Congenital Heart Disease Care Model: Genetics
This is the second entry in our blogpost series that describe the different aspects of the Congenital Heart Disease Center's multi-disciplinary model of care. In this post, the role of Medical Genetics in care of CHD patients is examined and explained by Mayo Clinic Rochester medical geneticist and physician David Deyle, M.D. and genetic counselor Katherine Agre.
“The overall goal of what I do in the clinic is see patients and assess them for possible genetic underlying connective tissue disorders” said David Deyle, M.D. who along with genetic counselor Katherine Agre, work together with congenital heart disease patients to determine and explain genetic factors and roles within their treatment.
The two primary patient groups that Dr. Deyle and Ms. Agre work with are patients with Marfan syndrome and Loeys-Dietz syndrome. Dr. Deyle stated that some disorders have been recognized for a long time such as Marfan syndrome, but also notes that Loeys-Dietz syndrome was discovered much more recently. Additional genetic causes of cardiac disease are uncovered frequently. This continued expansion of knowledge is critical to our long-term understanding of the cause and treatments for these diseases.

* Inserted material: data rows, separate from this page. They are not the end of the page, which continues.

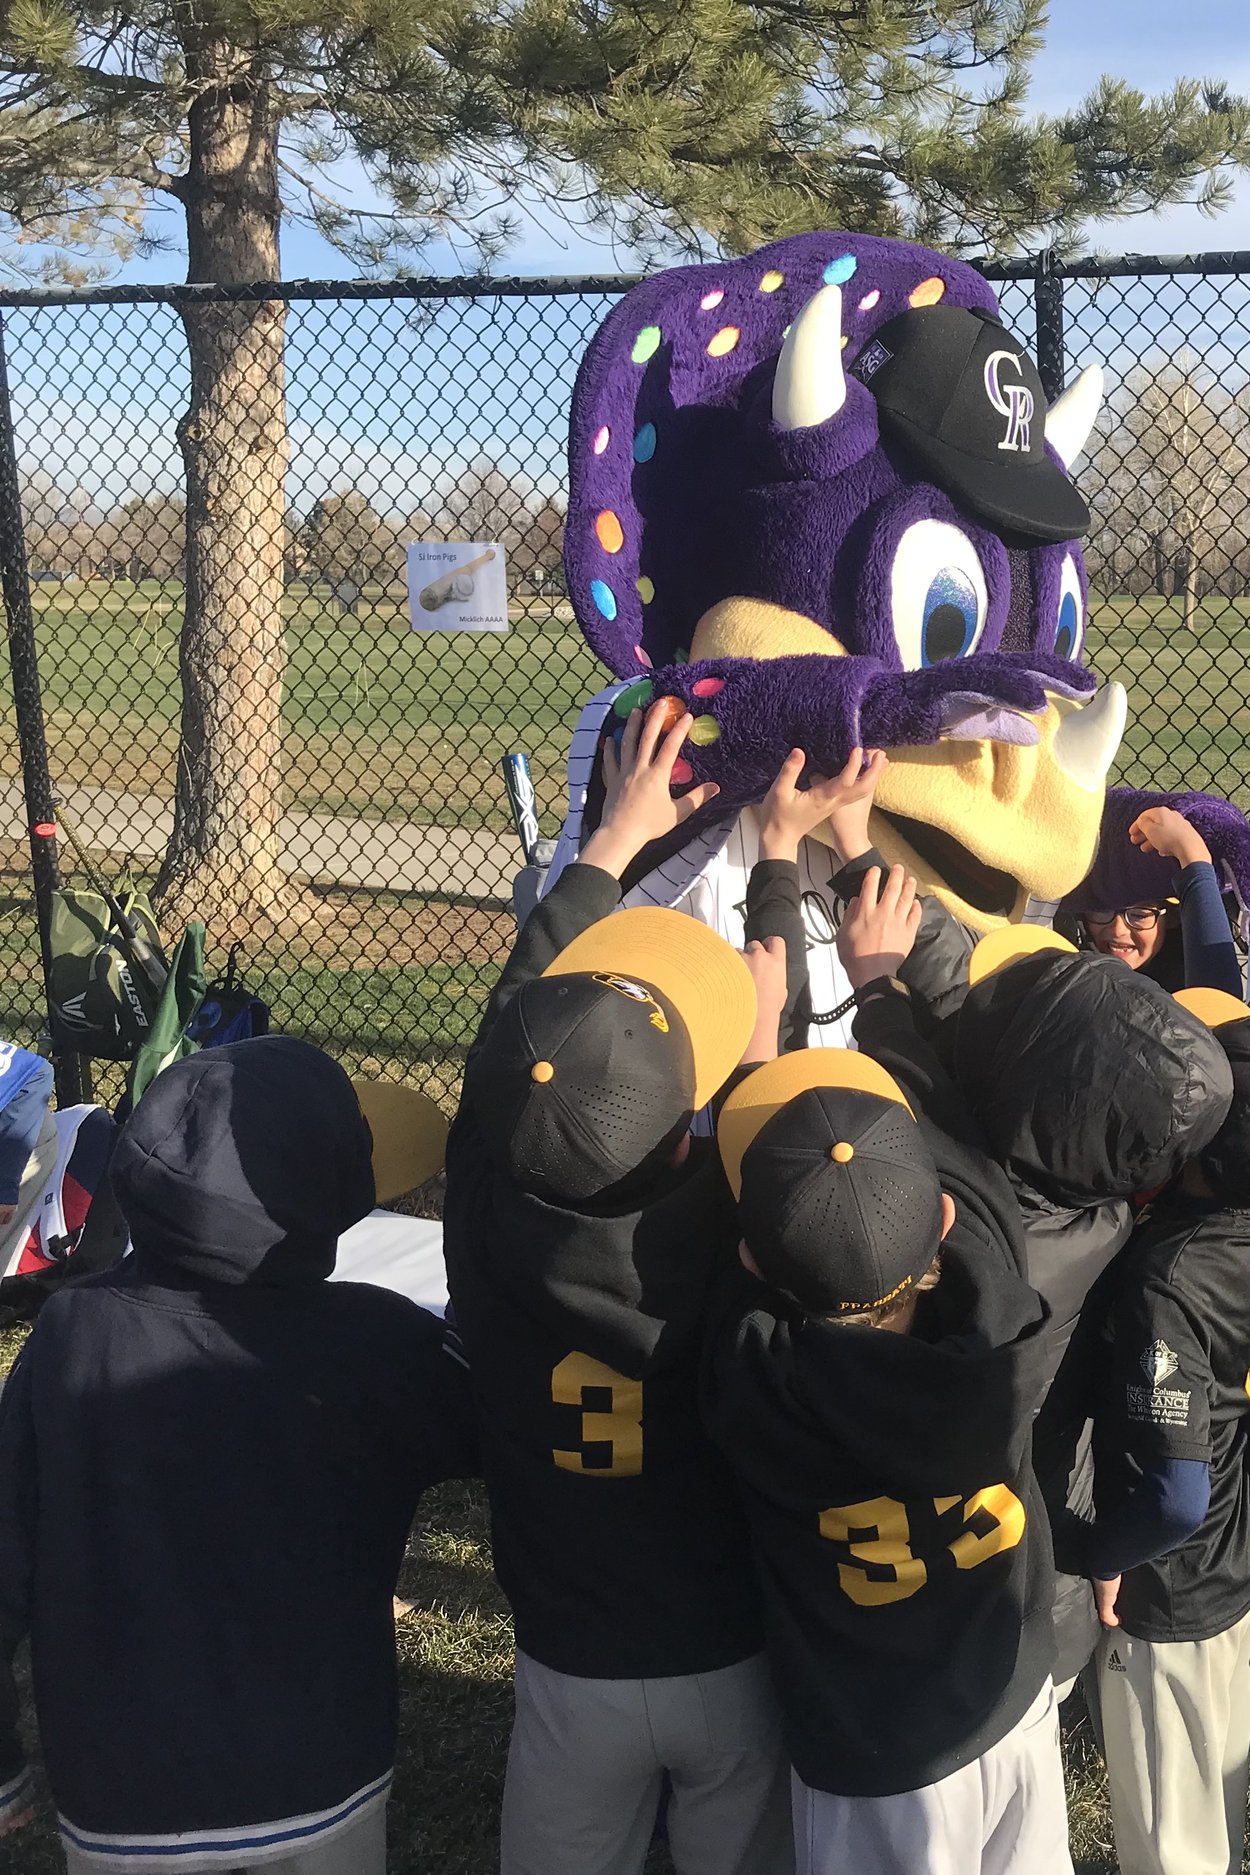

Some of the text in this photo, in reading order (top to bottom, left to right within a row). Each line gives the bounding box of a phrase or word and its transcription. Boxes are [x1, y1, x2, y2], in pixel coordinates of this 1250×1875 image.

[427, 553, 441, 561] Iron
[442, 553, 457, 563] Pigs
[116, 959, 149, 1027] EASTON
[1153, 1387, 1192, 1398] Columbus
[551, 1350, 643, 1478] 3
[1161, 1408, 1188, 1419] Agency

Dr. Deyle and his team generally first meet a patient when they are diagnosed with aortic dilation. With the genetic testing, they are may be able to help identify the underlying diagnosis for the patient and thus recognize what other medical issues may come in the future. This allows for appropriate screening and early recognition and treatment of new symptoms. This may require coordination with a diverse range of other departments or specialists.
Currently, challenges largely stem from the unknown genes. At this time, the genes that are responsible for Marfan syndrome or Loeys-Dietz syndrome are known and the recognition of these genes is continually improving. However, difficulty comes when patients look outwardly normal, and it especially comes with babies born with congenital heart defects. Deyle explains,
“When we start talking about congenital heart disease in children that are born with a structural heart defect, the challenge is finding genes that may lead to it. What causes abnormal development and is there a genetic component?” He continued, “There are 20 to 25 thousand genes that make up the genome. We only know what about five to seven thousand of those genes do. That’s what I think is the biggest challenge, is the knowledge of what the entire genome does.”

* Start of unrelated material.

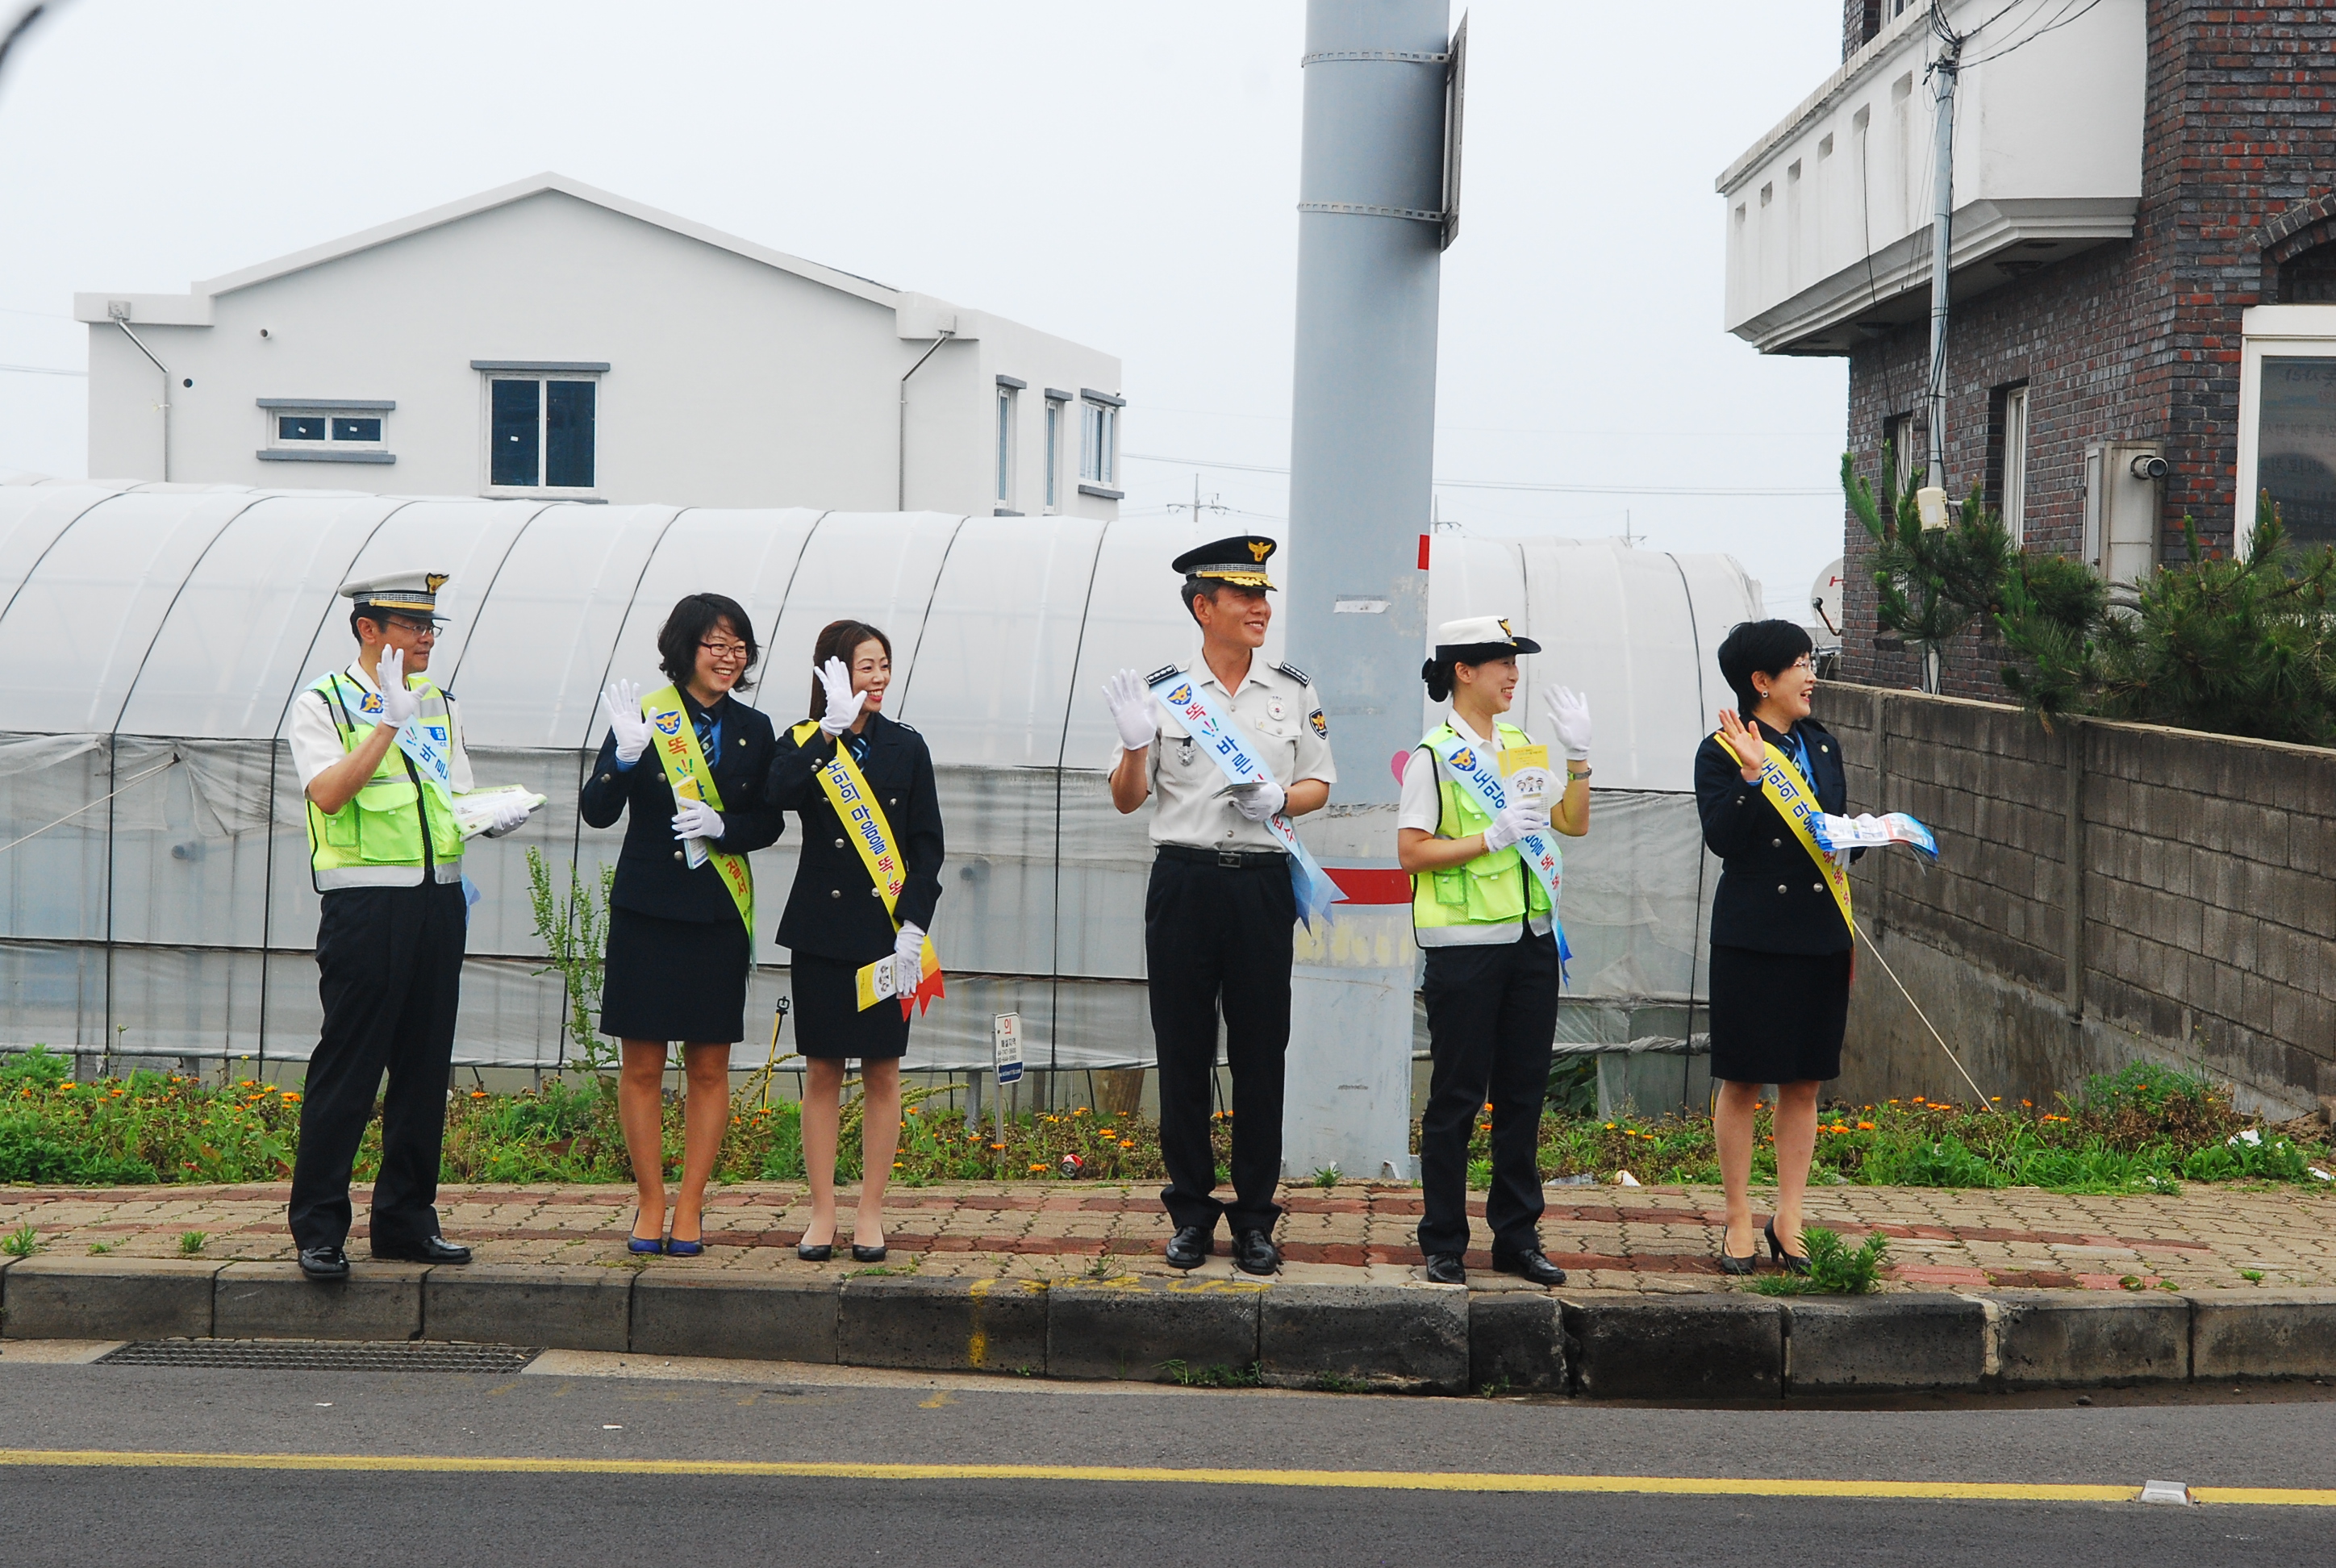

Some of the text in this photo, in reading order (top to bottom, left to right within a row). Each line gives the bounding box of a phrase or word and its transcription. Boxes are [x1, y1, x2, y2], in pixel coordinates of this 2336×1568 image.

[668, 736, 687, 754] 똑
[1216, 736, 1254, 775] 바른
[851, 805, 886, 856] 마음을

As these genetic factors are studied and understood genetic counselor Katherine Agre is brought in to assist in educating the patient and family on topics such as personal and family history or risk for different conditions due to the genetic factors. Agre detailed:
“Our goal is to bridge the gap between the really complex genetic information that is out there, really the mechanism between the disease, and the patients and their families, to make this information helpful to them and help them utilize it to help their families understand and make good medical choices.”
The emotional needs of the patient is also incredibly important in these circumstances, especially when it comes to discussing genetic factors with parents of newborns with congenital heart defects. Agre says that the most difficult part of those conversations is helping the parents with the guilt they feel of potentially passing CHD to their child. Agre elaborates,
“Acknowledging that is a big part of it, and that it is a really normal response. Parents want the best for their children, they want their children to be happy and healthy and live long healthy lives. If there is something genetic, you have no control over passing this down. Or if it’s something new in a child, it isn’t something you did or didn’t do, or could’ve controlled in any way.”
There is still much to learn and understand about the genetic code, but the inclusion of studying genetics within the congenital heart disease care model maintains its importance, “Knowing is half the battle” Dr. Deyle intimated. “You can identify those patients really young who need to be monitored as they go through life. It’s important to know which patients to screen, to avoid certain lifestyle choices. There is a lot of important information to be learned from genetics that can really impact how you are going to treat an individual patient.